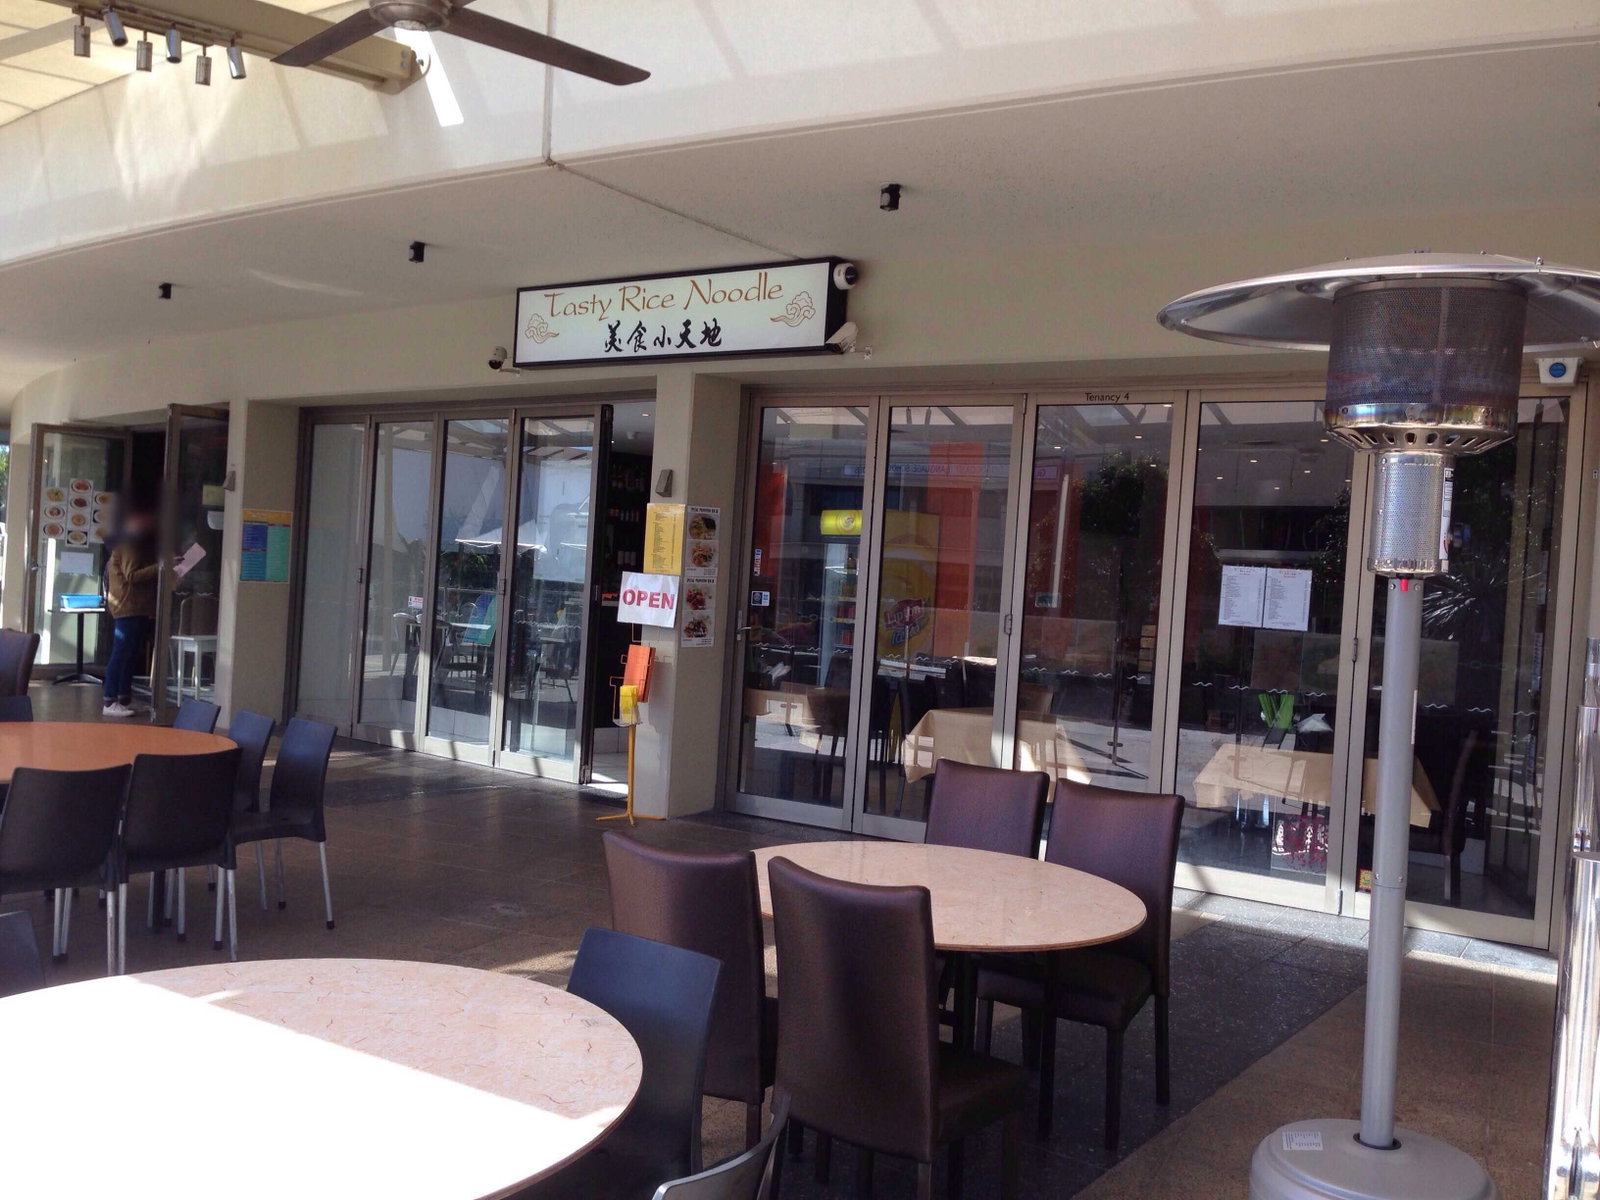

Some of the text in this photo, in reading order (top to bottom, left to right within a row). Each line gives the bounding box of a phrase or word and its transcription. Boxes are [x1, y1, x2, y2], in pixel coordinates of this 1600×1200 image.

[543, 271, 784, 321] Tasty Rice Noodle
[604, 317, 722, 353] 美食小天地
[1084, 392, 1130, 403] Tenancy 4
[622, 588, 675, 610] OPEN

### Instructions to follow
Quote the material word for word, dropping any images it holds.

### Completed task
Some of the text in this photo, in reading order (top to bottom, left to right within a row). Each line gives the bounding box of a phrase or word and its transcription. Boxes are [x1, y1, x2, y2], in pixel coordinates of this 1600×1200 image.

[543, 271, 784, 321] Tasty Rice Noodle
[604, 317, 722, 353] 美食小天地
[1084, 392, 1130, 403] Tenancy 4
[622, 588, 675, 610] OPEN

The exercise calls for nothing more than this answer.